Les gens d’en face

Les gens d’en face sont dans une vitrine, ou enfermés dans un miroir. J’hésite encore.

Un enfant qui tournoie, deux mecs assis sur leurs valises, un black élégant au fuck-in-town de médecin de campagne, une femme qui passe sa main dans ses cheveux, des milliers de cas à décrire et à reproduire ; jusqu’à en faire des millions.

« Veuillez attendre le prochain train. Veuillez attendre le prochain train. »
Le RER A se vide de ses voyageurs désabusés et mon quai de Charles de Gaulle se noircit. L’appel du 18 mars de Colombey-les-Doux-Débiles. Je ne vois plus rien du quai d’en face et j’imagine que d’autres se réjouissent de ce festin visuel. Des milliers de corps à scruter et à dévisager. Un plaisir voyeuriste à son apogée si on n’est pas agoraphobe.
Ou alors n’y aurait-il que moi tripper sur les inconnus du métro ? Toi ? Vous ? Je ne pense pas être l’unique merci beaucoup.

A l’échafaud

On se regardait droit dans les yeux sans parler. Pas longtemps, car il était timide et déviait vite le regard.
On se regardait droit dans les yeux puis on regardait par la fenêtre. On regarder défiler Viroflay, Chaville et Sèvres. Des maisons, des arbres et des ponts, ce qui fait une ville quand les rues sont vides. Vitres embuées ou vitres taggées, le trajet était le même : monotone et menaçant. Car au-delà des petites maisons souriantes sourdaient les tombes béantes. Les froides tombes qui exigent au corps d’y tomber.
Avec Nicolas nous contemplions et rarement nous parlions. Prendre le train pour aller en prépa était ça : le chemin vers l’échafaud que la victime prend au matin.

Et je n’ai rien fait

Ecouter Zazie n’encourage pas forcément à l’écriture.

J’écoute J’étais là en loops depuis un quart d’heure, et depuis quatorze minutes mon imagination ne fait qu’un demi-tour. Mon stylo glissse diiiffficicilement sur le crnaet tant ce qu’il entend est net, limpide et aiguisé. Les mots tombent et tranchent l’air. Que peut bien y faire mon Bic ?

« Et je n’ai rien fait. »

Je vais me remettre à écouter du Jenifer.

Comment tunner son scooter

On allait souvent boire des verres place du Marché. On commandait un Monaco ou une pression si vraiment on était des rebelles. On parlait scooters et gonzesses. Que des sujets que je maîtrisais à merveille.
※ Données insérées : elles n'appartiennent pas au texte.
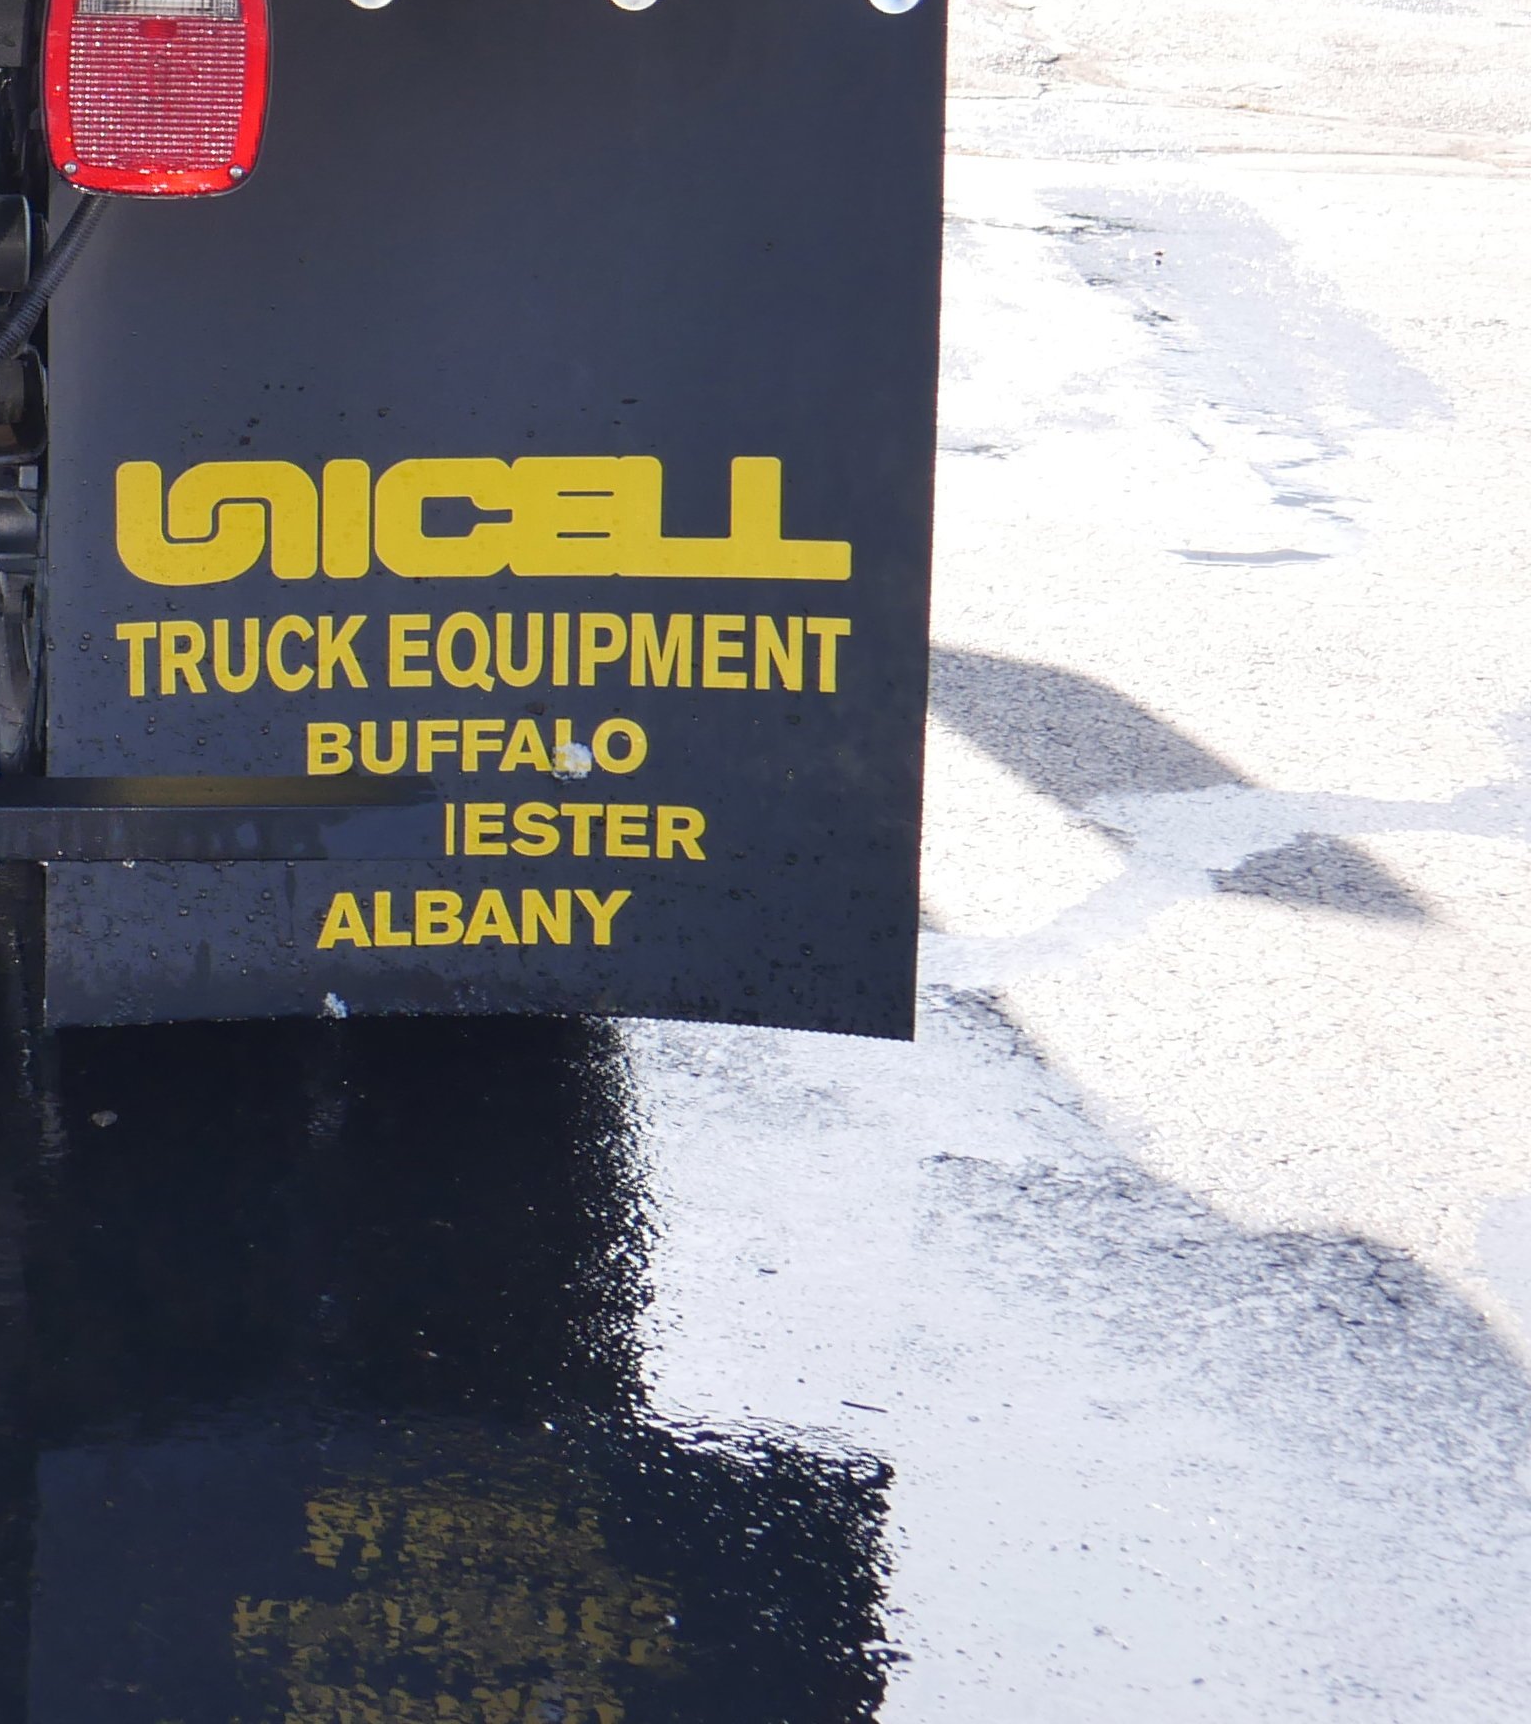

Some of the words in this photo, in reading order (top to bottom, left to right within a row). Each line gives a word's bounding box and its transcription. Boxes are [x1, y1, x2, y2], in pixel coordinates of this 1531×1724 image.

[115, 456, 851, 586] UNICELL
[117, 615, 367, 696] TRUCK
[389, 612, 850, 692] EQUIPMENT
[308, 719, 647, 774] BUFFALO
[317, 889, 630, 948] ALBANY
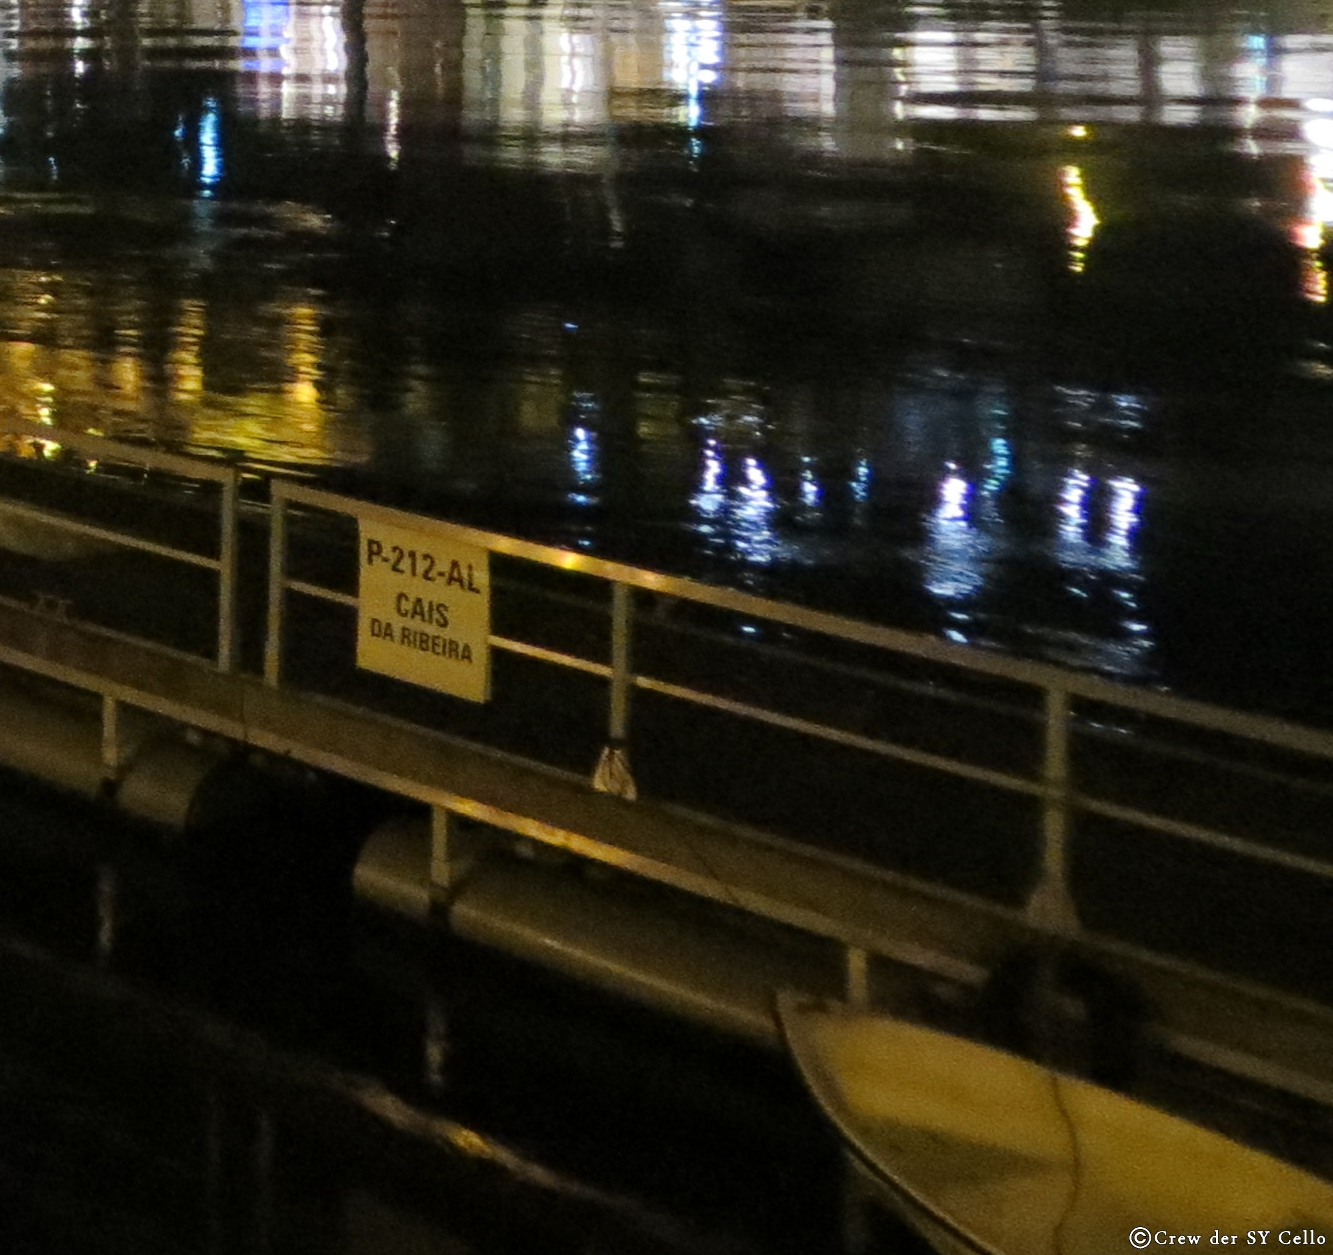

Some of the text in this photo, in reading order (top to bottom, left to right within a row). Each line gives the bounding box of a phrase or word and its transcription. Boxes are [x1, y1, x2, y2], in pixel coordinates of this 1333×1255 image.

« Tu l’as tunné ton scoot’ ?
– Ouais j’ai mis un nouveau pot et un nouveau cligno.
– Moi je viens de débrider mon vario.
– Ah ouais ? Mais t’as pas peur de te retrouver un jour avec des galets dans le carter ?
– Bof on verra.
– Et comment t’as fait alors ?
– Bah d’abord tu sais que le truc qui bride la transmission du scoot’ se trouve dans le variateur ?
– Bah ouais quand même ! C’est le truc qui empêche le vario de monter complètement !
– Ouais c’est ça. C’est ce qui explique que le scoot’ prenne des tours à partir de 30Km/h.
– Ok.
– Bah pour retirer cette bride, tu dois démonter le carter de transmission. Puis tu mets un bloc piston dans l’emplacement de la bougie et tu dévisses le vario.
– Ok je vois.
– Et alors là t’as plusieurs pièces sous la main. Tu verras la rondelle de bridage est située sur le canon du vario. C’est celle qui a le plus gros diamètre et la plus grosse épaisseur.
– Ouais ok.
– Bah alors tu la retires tout simplement et tu remontes le reste dans le bon ordre.
– Ah mais c’est facile en fait !
– Bah ouais.
– Mais les flics ils peuvent rien caler comme ça ?
– Bah si faut faire gaffe. C’est pour ça que y’a une astuce : faut que tu limes la rondelle de bridage, comme ça elle aura plus du tout d’effet.
– Ah ouais comme ça quand le flic regarde le truc il a l’impression que le vario est bridé alors que pas du tout car la rondelle est pas efficace.
– Exactement.
– Et sinon toi t’avais pas des problèmes avec ton anti-parasite ?
– Ouais je me l’étais fait chourrer.
– Ah merde. »

Ouais merde en effet car je n’y comprenais quedalle.
Mais bon ça me faisait plaisir d’être entouré de beaux garçons trop sympas et marrants qui parlaient scooters. Ils se foutaient gentiment de ma gueule à chaque fois en voyant que je ne comprenais rien à leur discussion. Mais bon parfois on pouvais parler ciné ou télé et là je pouvais me rattraper.

Les méthodes de mon lycée

« Viand, vous allez m’imiter le chien hurlant au clair de lune.
– Pardon ?
– Vous avez bien entendu. Vous allez m’imiter le chien hurlant au clair de lune !
– Mais je ne vois pas le rapport avec…
– Vous allez m’imiter le chien hurlant au clair de lune oui ou non ?
– Mais…
– Mais allez !!
– Ouh ouh ouh ! »

Fou rire général dans la classe : Viand s’était ridiculisé. C’était une des nombreuses méthodes qu’employaient les professeurs du lycée Hoche pour encourager leurs élèves à avoir de bons résultats scolaires. Dans ce cas précis, Childéric Viand avait fait une horrible version anglaise ou il avait osé traduire « it’s raining cats and dogs » par « il pleut des chats et des chiens ». Cela lui avait donc valu de se faire publiquement ridiculiser par Madame Pernelle qui établissait à chaque correction le Top Ten des âneries. Nous aimions autant que nous craignions cette tradition car nous redoutions d’y apparaître.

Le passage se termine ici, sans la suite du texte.